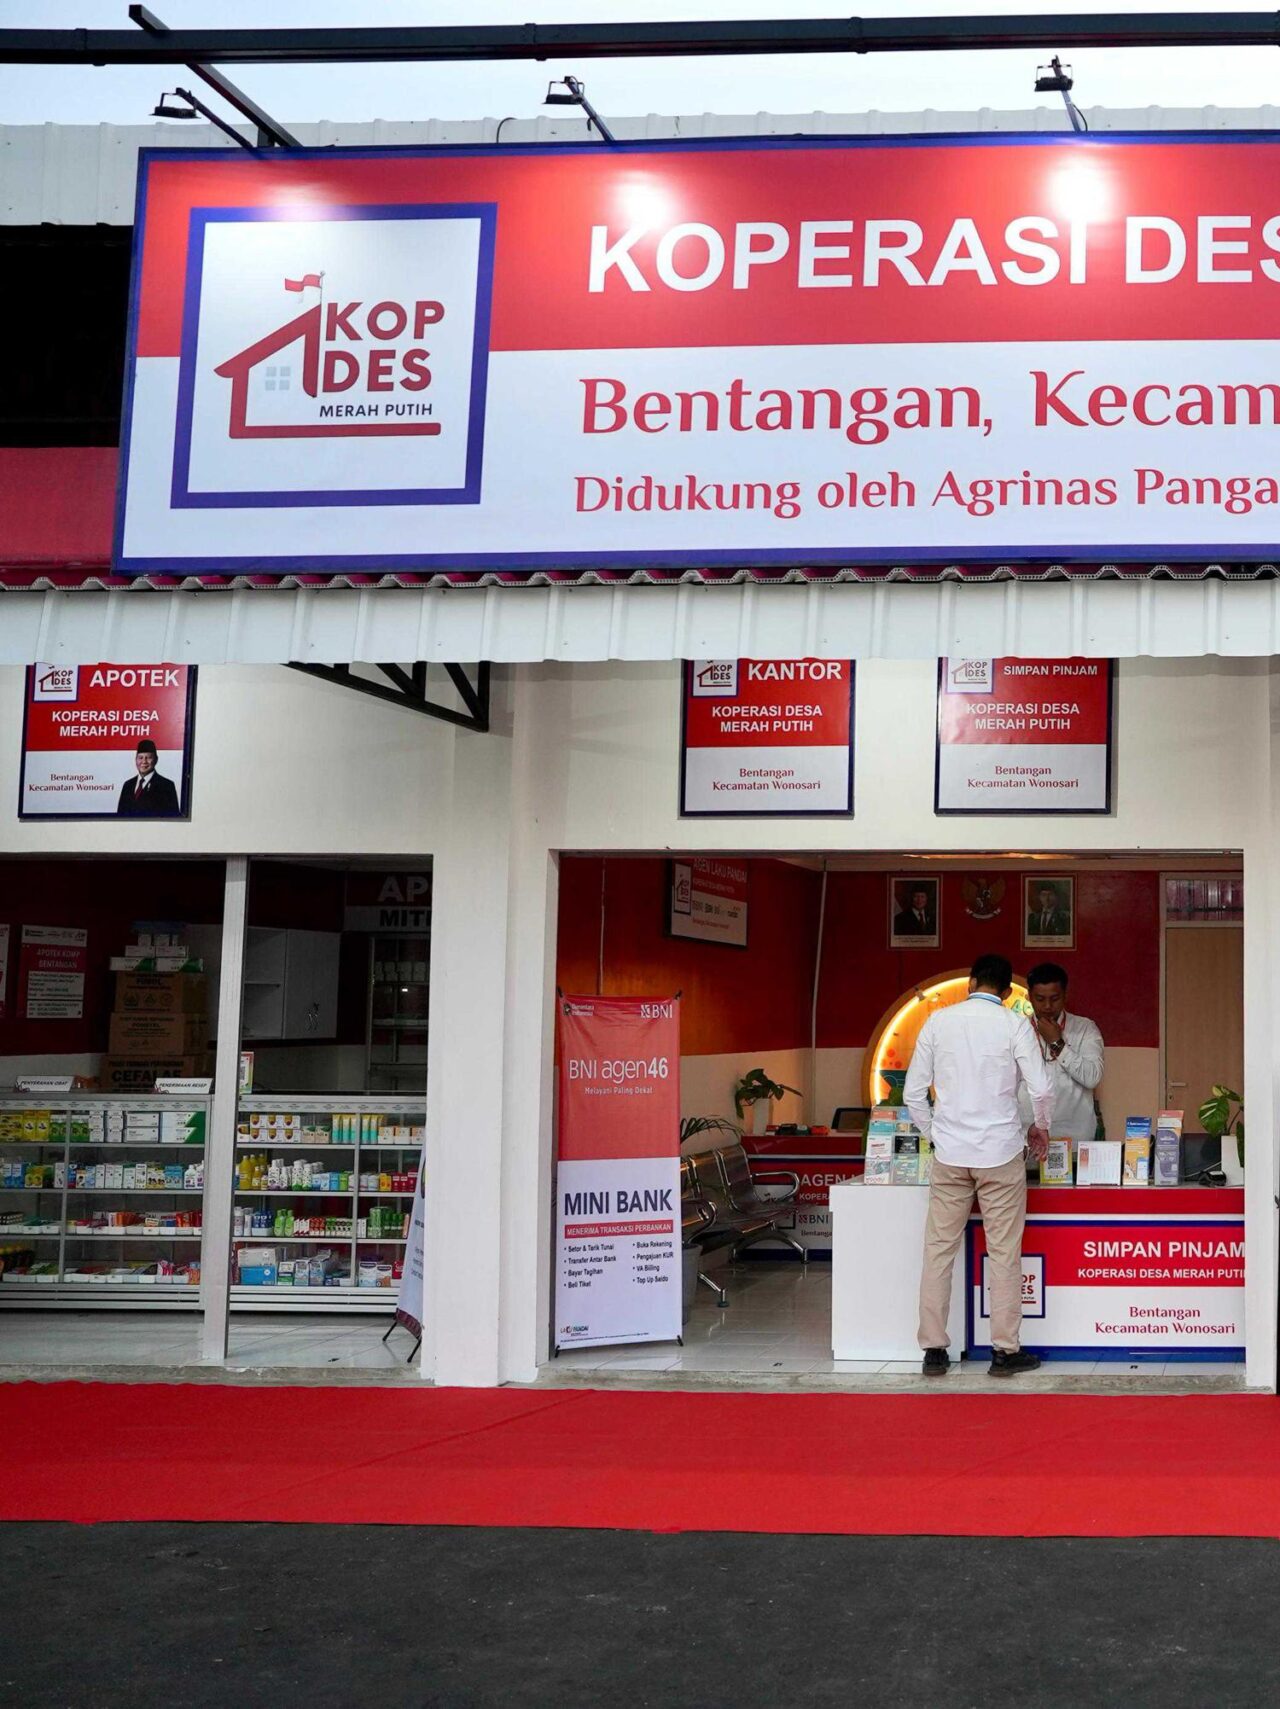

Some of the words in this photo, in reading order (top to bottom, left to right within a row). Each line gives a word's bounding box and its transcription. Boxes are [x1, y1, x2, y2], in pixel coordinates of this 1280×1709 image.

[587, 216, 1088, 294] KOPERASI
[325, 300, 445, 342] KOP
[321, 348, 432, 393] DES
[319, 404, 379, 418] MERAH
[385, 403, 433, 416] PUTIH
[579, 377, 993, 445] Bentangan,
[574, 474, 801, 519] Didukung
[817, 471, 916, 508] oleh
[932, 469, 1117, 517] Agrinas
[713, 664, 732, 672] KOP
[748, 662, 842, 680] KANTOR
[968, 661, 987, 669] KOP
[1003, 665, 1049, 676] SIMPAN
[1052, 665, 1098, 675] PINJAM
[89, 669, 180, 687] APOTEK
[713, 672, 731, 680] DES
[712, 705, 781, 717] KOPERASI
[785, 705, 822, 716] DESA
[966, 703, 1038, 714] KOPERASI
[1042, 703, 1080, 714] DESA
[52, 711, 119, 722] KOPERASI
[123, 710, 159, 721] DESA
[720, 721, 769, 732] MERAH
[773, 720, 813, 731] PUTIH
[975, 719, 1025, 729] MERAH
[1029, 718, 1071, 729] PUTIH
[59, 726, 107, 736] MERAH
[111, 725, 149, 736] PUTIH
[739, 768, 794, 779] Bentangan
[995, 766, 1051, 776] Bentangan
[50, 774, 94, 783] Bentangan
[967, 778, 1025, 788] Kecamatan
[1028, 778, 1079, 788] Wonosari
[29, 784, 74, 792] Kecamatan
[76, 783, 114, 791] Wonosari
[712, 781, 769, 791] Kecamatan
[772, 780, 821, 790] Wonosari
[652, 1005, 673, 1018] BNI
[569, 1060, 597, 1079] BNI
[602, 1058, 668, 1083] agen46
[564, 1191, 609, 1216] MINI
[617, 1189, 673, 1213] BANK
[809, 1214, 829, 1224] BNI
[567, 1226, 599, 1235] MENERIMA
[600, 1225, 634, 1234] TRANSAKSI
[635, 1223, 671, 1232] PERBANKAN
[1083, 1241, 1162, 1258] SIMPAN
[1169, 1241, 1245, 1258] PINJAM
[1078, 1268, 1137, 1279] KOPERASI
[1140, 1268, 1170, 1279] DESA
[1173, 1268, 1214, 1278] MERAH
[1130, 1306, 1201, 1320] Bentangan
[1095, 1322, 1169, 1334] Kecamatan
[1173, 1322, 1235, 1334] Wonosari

───

▸ Task details: Repeat the records above word for word, apart from the pictures.

▸ Answer below:
Some of the words in this photo, in reading order (top to bottom, left to right within a row). Each line gives a word's bounding box and its transcription. Boxes are [x1, y1, x2, y2], in pixel coordinates of this 1280×1709 image.

[587, 216, 1088, 294] KOPERASI
[325, 300, 445, 342] KOP
[321, 348, 432, 393] DES
[319, 404, 379, 418] MERAH
[385, 403, 433, 416] PUTIH
[579, 377, 993, 445] Bentangan,
[574, 474, 801, 519] Didukung
[817, 471, 916, 508] oleh
[932, 469, 1117, 517] Agrinas
[713, 664, 732, 672] KOP
[748, 662, 842, 680] KANTOR
[968, 661, 987, 669] KOP
[1003, 665, 1049, 676] SIMPAN
[1052, 665, 1098, 675] PINJAM
[89, 669, 180, 687] APOTEK
[713, 672, 731, 680] DES
[712, 705, 781, 717] KOPERASI
[785, 705, 822, 716] DESA
[966, 703, 1038, 714] KOPERASI
[1042, 703, 1080, 714] DESA
[52, 711, 119, 722] KOPERASI
[123, 710, 159, 721] DESA
[720, 721, 769, 732] MERAH
[773, 720, 813, 731] PUTIH
[975, 719, 1025, 729] MERAH
[1029, 718, 1071, 729] PUTIH
[59, 726, 107, 736] MERAH
[111, 725, 149, 736] PUTIH
[739, 768, 794, 779] Bentangan
[995, 766, 1051, 776] Bentangan
[50, 774, 94, 783] Bentangan
[967, 778, 1025, 788] Kecamatan
[1028, 778, 1079, 788] Wonosari
[29, 784, 74, 792] Kecamatan
[76, 783, 114, 791] Wonosari
[712, 781, 769, 791] Kecamatan
[772, 780, 821, 790] Wonosari
[652, 1005, 673, 1018] BNI
[569, 1060, 597, 1079] BNI
[602, 1058, 668, 1083] agen46
[564, 1191, 609, 1216] MINI
[617, 1189, 673, 1213] BANK
[809, 1214, 829, 1224] BNI
[567, 1226, 599, 1235] MENERIMA
[600, 1225, 634, 1234] TRANSAKSI
[635, 1223, 671, 1232] PERBANKAN
[1083, 1241, 1162, 1258] SIMPAN
[1169, 1241, 1245, 1258] PINJAM
[1078, 1268, 1137, 1279] KOPERASI
[1140, 1268, 1170, 1279] DESA
[1173, 1268, 1214, 1278] MERAH
[1130, 1306, 1201, 1320] Bentangan
[1095, 1322, 1169, 1334] Kecamatan
[1173, 1322, 1235, 1334] Wonosari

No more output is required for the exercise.